SSD drive prices have fallen a lot so I actually bought a new SSD drive which allowed me to keep more on it without worrying about space. This was the first part of the upgrade. A couple of minor problems troubleshot and I was up and running. The second thing I had to do was something I had prepared for ahead of time. Reallocating all of my storage requirements.
Originally, I had a bunch of drives that had become part of the system over the years. Some were in their third machine! They were not the biggest drives around so I had a lot of space taken up with relatively limited storage capacity. I worked out the requirements for all of my different data types – photos, documents, videos, Lightroom catalogs etc. I then decided how I wanted them split up, what growth I needed and what drive sizes would suffice. I was actually able to make use of drives that I already had – there were a bunch of reasonably large spares that came from updating my NAS a while back. That also meant I had some large drives to act as intermediaries while I moved everything around.

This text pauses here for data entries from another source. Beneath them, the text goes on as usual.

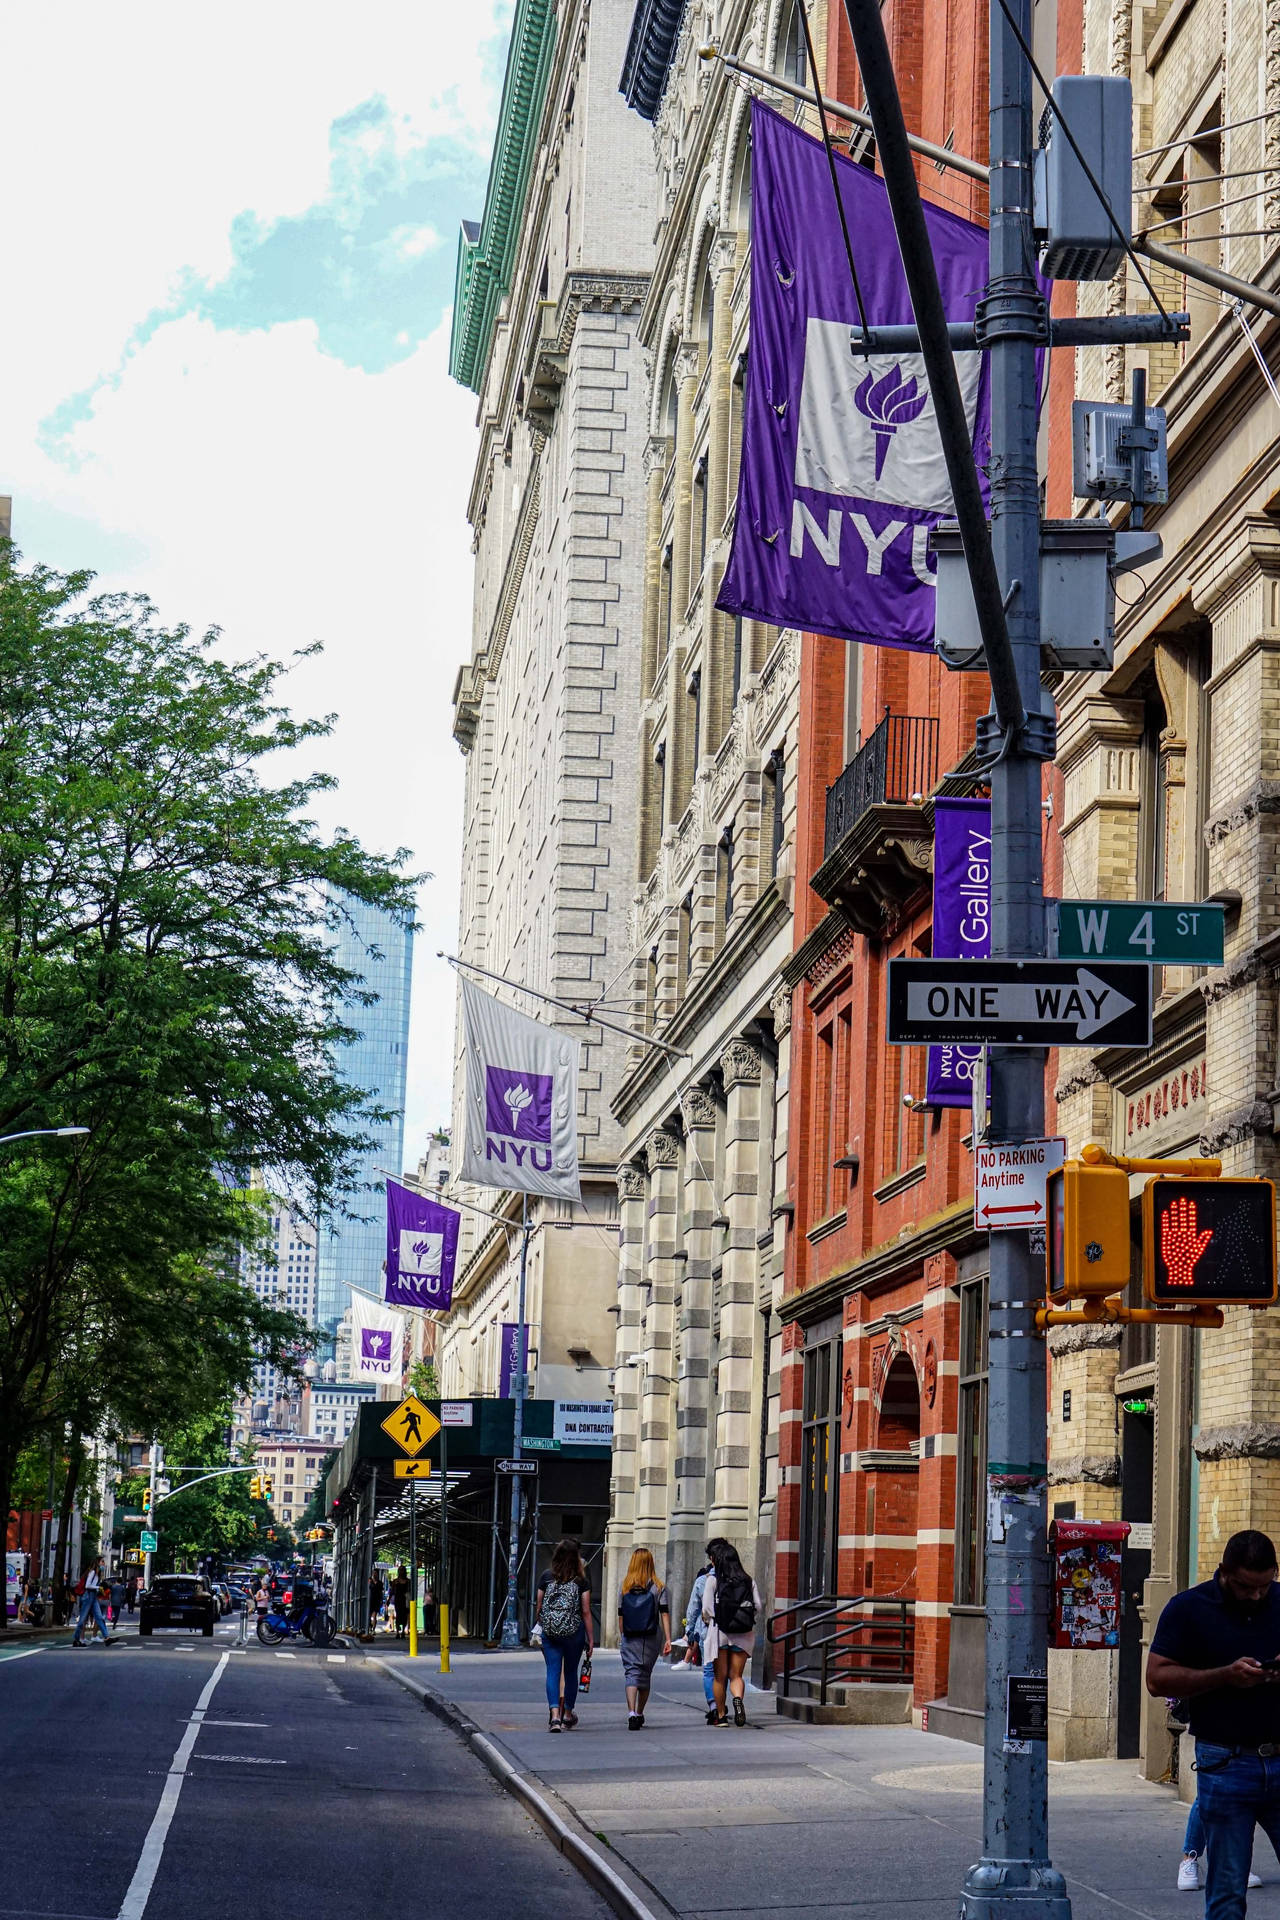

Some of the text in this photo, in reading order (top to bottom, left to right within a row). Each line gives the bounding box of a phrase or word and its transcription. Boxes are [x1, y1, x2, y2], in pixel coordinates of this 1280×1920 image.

[960, 829, 992, 942] Gallery
[1077, 909, 1200, 955] W 4 ST
[927, 986, 1110, 1020] ONE WAY
[486, 1137, 552, 1172] NYU
[980, 1148, 1045, 1168] NO PARKING
[981, 1170, 1025, 1190] Anytime
[397, 1273, 441, 1294] NYU
[361, 1359, 392, 1373] NYU
[565, 1423, 577, 1432] DNA
[523, 1439, 554, 1449] WASHINGTON
[519, 1462, 532, 1470] WAY

I will have to update one of the drives in due course but it will suffice for a while. My culling of old images will also buy me some time there! Ultimately I got everything migrated across to its new home, the Lightroom catalogs updated to find everything again and I now have two less drives in the box and still plenty of capacity. A bit of a pain to do but worth it I think. Let’s hope everything behaves for a while and no further rebuilds are required!
If you are a a regular reader of this blog (and thank you if that is the case) I owe you an apology. I have had a bit of a gap in my postings. There are a couple of reasons. First I have been tied up with a couple of other things that have meant I wasn’t always able to get back to writing something.
However, the bigger problem was that my desktop started to show signs of impending death. The OS must have been corrupted somehow and so a reinstall was called for. Never had to do that before and trashing the system to start again was a bit nerve wracking. Of course, it didn’t go totally smoothly but, courtesy of some good backups I got most things back up and running.
I also took the chance to think about what I really needed on the machine. Yahoo! Messenger has not made it back on. When do i ever use that these days? The priority was getting the most important stuff back up and running so writing blog posts was relegated. However, things seem to be back to normal (mostly) so hopefully I will be a bit more reliable in future.